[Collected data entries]

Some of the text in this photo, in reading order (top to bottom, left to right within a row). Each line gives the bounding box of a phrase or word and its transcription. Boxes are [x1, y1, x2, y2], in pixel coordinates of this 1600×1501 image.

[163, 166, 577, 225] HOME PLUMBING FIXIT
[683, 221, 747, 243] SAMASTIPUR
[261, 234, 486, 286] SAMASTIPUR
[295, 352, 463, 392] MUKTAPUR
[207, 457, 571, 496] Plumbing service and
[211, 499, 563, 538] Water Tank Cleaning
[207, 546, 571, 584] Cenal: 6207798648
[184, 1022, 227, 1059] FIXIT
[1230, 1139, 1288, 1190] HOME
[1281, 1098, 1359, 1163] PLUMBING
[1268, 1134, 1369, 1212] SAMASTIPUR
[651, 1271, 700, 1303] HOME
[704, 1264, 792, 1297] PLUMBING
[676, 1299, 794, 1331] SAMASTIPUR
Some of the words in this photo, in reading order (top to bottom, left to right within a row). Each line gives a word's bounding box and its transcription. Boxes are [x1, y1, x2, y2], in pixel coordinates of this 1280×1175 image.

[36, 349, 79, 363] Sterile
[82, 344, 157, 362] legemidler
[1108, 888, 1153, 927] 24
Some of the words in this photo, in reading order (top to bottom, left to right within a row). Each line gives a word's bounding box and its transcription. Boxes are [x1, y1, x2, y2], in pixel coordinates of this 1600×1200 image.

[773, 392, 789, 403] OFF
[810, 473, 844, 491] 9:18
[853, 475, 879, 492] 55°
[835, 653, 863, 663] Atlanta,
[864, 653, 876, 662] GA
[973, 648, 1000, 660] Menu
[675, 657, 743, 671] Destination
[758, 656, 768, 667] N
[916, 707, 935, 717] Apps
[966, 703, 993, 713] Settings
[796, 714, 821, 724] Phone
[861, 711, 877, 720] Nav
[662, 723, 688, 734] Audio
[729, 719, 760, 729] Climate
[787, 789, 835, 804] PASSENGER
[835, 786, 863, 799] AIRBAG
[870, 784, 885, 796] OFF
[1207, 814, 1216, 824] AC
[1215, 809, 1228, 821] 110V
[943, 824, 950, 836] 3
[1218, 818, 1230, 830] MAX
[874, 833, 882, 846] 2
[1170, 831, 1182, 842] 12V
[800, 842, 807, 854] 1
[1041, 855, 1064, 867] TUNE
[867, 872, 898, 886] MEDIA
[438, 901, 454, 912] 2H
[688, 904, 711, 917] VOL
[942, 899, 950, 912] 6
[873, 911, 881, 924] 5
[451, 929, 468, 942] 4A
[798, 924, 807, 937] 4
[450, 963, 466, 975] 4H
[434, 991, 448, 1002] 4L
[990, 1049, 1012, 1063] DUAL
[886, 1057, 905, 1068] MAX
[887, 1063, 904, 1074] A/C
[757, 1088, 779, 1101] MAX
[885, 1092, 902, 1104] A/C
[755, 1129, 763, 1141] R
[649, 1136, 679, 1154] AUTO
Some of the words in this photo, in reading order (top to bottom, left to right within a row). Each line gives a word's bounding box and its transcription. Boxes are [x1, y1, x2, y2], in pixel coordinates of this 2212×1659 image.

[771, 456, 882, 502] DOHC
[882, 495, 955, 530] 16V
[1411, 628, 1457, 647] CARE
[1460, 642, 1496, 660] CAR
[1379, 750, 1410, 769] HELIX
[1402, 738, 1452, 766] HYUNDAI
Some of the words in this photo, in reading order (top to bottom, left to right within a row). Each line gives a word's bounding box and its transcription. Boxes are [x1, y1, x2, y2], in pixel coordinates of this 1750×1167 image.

* _Task instructions_
Could the entries above be output once more, exactly as they are?

* _Worked solution_
Some of the text in this photo, in reading order (top to bottom, left to right within a row). Each line gives the bounding box of a phrase or word and its transcription. Boxes are [x1, y1, x2, y2], in pixel coordinates of this 1600×1501 image.

[163, 166, 577, 225] HOME PLUMBING FIXIT
[683, 221, 747, 243] SAMASTIPUR
[261, 234, 486, 286] SAMASTIPUR
[295, 352, 463, 392] MUKTAPUR
[207, 457, 571, 496] Plumbing service and
[211, 499, 563, 538] Water Tank Cleaning
[207, 546, 571, 584] Cenal: 6207798648
[184, 1022, 227, 1059] FIXIT
[1230, 1139, 1288, 1190] HOME
[1281, 1098, 1359, 1163] PLUMBING
[1268, 1134, 1369, 1212] SAMASTIPUR
[651, 1271, 700, 1303] HOME
[704, 1264, 792, 1297] PLUMBING
[676, 1299, 794, 1331] SAMASTIPUR
Some of the words in this photo, in reading order (top to bottom, left to right within a row). Each line gives a word's bounding box and its transcription. Boxes are [x1, y1, x2, y2], in pixel coordinates of this 1280×1175 image.

[36, 349, 79, 363] Sterile
[82, 344, 157, 362] legemidler
[1108, 888, 1153, 927] 24
Some of the words in this photo, in reading order (top to bottom, left to right within a row). Each line gives a word's bounding box and its transcription. Boxes are [x1, y1, x2, y2], in pixel coordinates of this 1600×1200 image.

[773, 392, 789, 403] OFF
[810, 473, 844, 491] 9:18
[853, 475, 879, 492] 55°
[835, 653, 863, 663] Atlanta,
[864, 653, 876, 662] GA
[973, 648, 1000, 660] Menu
[675, 657, 743, 671] Destination
[758, 656, 768, 667] N
[916, 707, 935, 717] Apps
[966, 703, 993, 713] Settings
[796, 714, 821, 724] Phone
[861, 711, 877, 720] Nav
[662, 723, 688, 734] Audio
[729, 719, 760, 729] Climate
[787, 789, 835, 804] PASSENGER
[835, 786, 863, 799] AIRBAG
[870, 784, 885, 796] OFF
[1207, 814, 1216, 824] AC
[1215, 809, 1228, 821] 110V
[943, 824, 950, 836] 3
[1218, 818, 1230, 830] MAX
[874, 833, 882, 846] 2
[1170, 831, 1182, 842] 12V
[800, 842, 807, 854] 1
[1041, 855, 1064, 867] TUNE
[867, 872, 898, 886] MEDIA
[438, 901, 454, 912] 2H
[688, 904, 711, 917] VOL
[942, 899, 950, 912] 6
[873, 911, 881, 924] 5
[451, 929, 468, 942] 4A
[798, 924, 807, 937] 4
[450, 963, 466, 975] 4H
[434, 991, 448, 1002] 4L
[990, 1049, 1012, 1063] DUAL
[886, 1057, 905, 1068] MAX
[887, 1063, 904, 1074] A/C
[757, 1088, 779, 1101] MAX
[885, 1092, 902, 1104] A/C
[755, 1129, 763, 1141] R
[649, 1136, 679, 1154] AUTO
Some of the words in this photo, in reading order (top to bottom, left to right within a row). Each line gives a word's bounding box and its transcription. Boxes are [x1, y1, x2, y2], in pixel coordinates of this 2212×1659 image.

[771, 456, 882, 502] DOHC
[882, 495, 955, 530] 16V
[1411, 628, 1457, 647] CARE
[1460, 642, 1496, 660] CAR
[1379, 750, 1410, 769] HELIX
[1402, 738, 1452, 766] HYUNDAI
Some of the words in this photo, in reading order (top to bottom, left to right within a row). Each line gives a word's bounding box and its transcription. Boxes are [x1, y1, x2, y2], in pixel coordinates of this 1750×1167 image.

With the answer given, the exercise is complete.